> Data
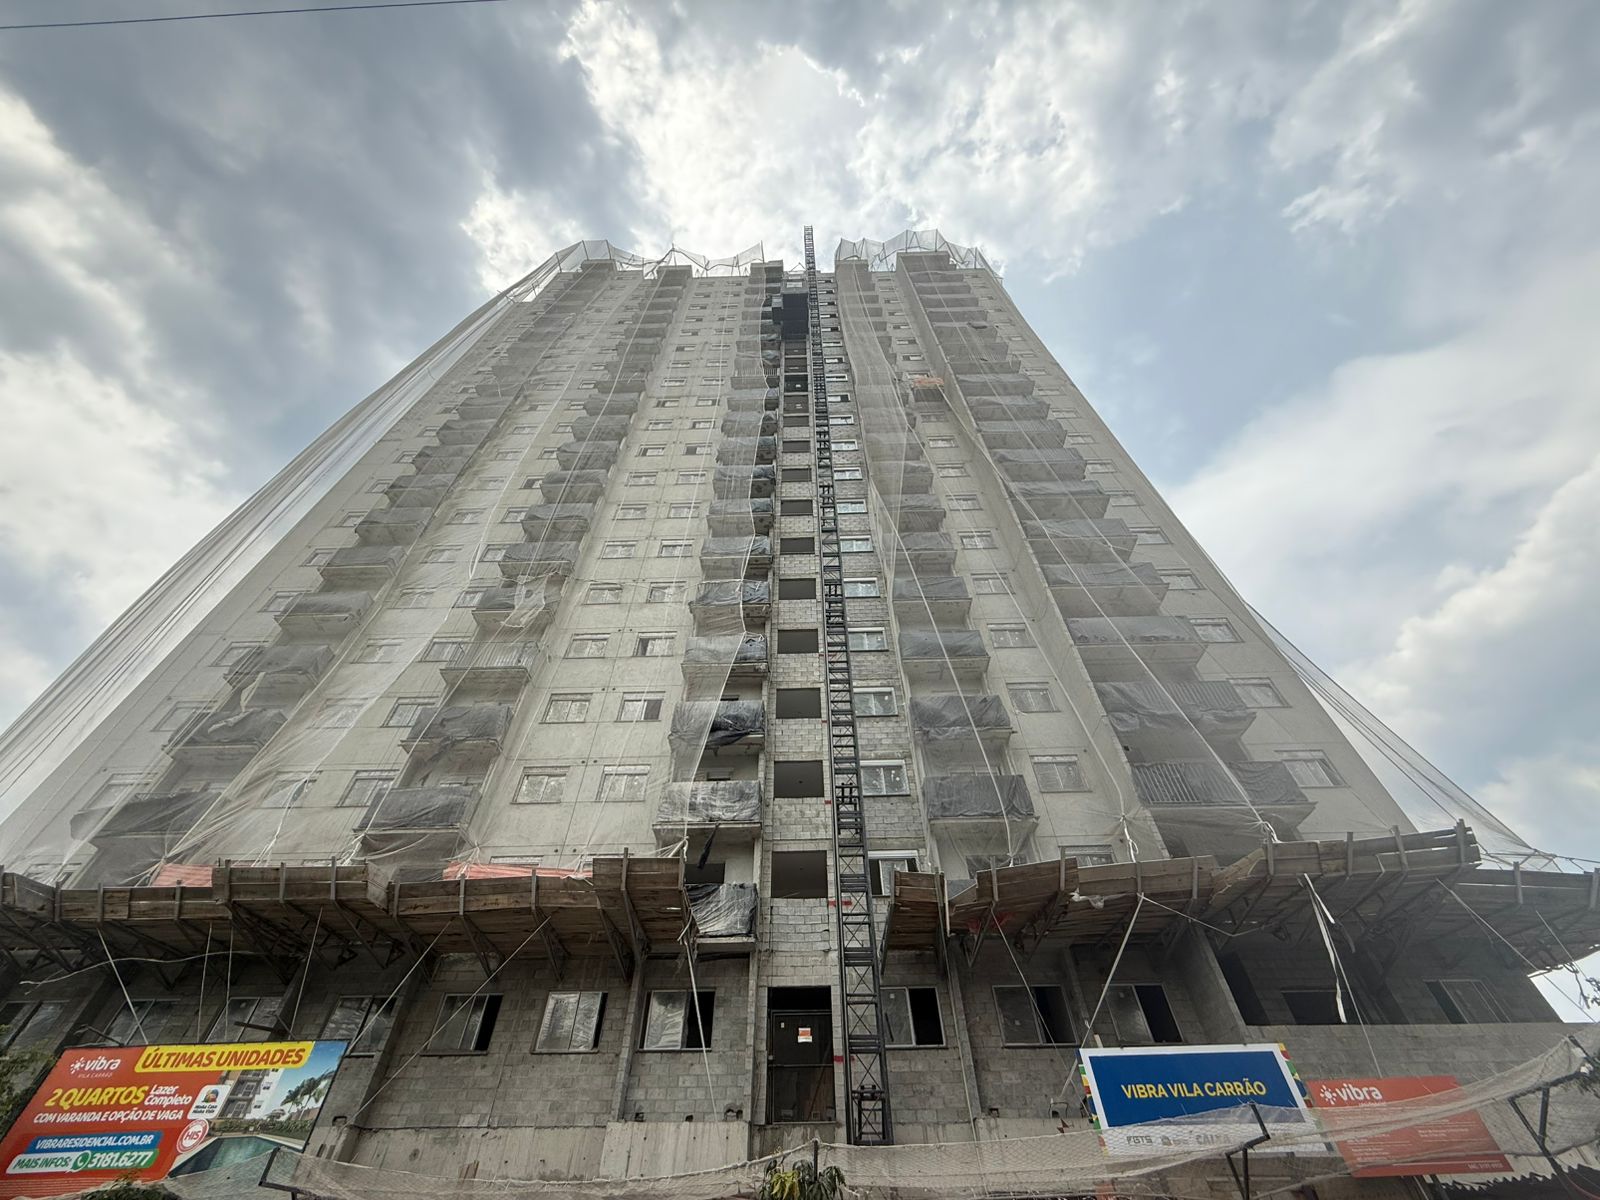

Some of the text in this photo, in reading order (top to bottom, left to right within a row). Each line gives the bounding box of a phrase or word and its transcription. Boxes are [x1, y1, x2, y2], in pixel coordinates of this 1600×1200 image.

[84, 1056, 121, 1071] vibra
[141, 1048, 306, 1069] ÚLTIMAS UNIDADES
[150, 1084, 179, 1095] Lazer
[1120, 1077, 1268, 1099] VIBRA VILA CARRÃO
[1335, 1083, 1383, 1101] vibra
[144, 1094, 192, 1108] Completo
[33, 1107, 184, 1124] COM VARANDA E OPÇÃO DE VAGA
[35, 1134, 155, 1150] VIBRARESIDENCIAL.COM.BR
[184, 1130, 202, 1140] HIS
[12, 1151, 154, 1169] MAIS INFOS: 3181.6277

> What you are asked to do
Copy every line above exactly, leaving no picture in the copy.

> The answer
Some of the text in this photo, in reading order (top to bottom, left to right within a row). Each line gives the bounding box of a phrase or word and its transcription. Boxes are [x1, y1, x2, y2], in pixel coordinates of this 1600×1200 image.

[84, 1056, 121, 1071] vibra
[141, 1048, 306, 1069] ÚLTIMAS UNIDADES
[150, 1084, 179, 1095] Lazer
[1120, 1077, 1268, 1099] VIBRA VILA CARRÃO
[1335, 1083, 1383, 1101] vibra
[144, 1094, 192, 1108] Completo
[33, 1107, 184, 1124] COM VARANDA E OPÇÃO DE VAGA
[35, 1134, 155, 1150] VIBRARESIDENCIAL.COM.BR
[184, 1130, 202, 1140] HIS
[12, 1151, 154, 1169] MAIS INFOS: 3181.6277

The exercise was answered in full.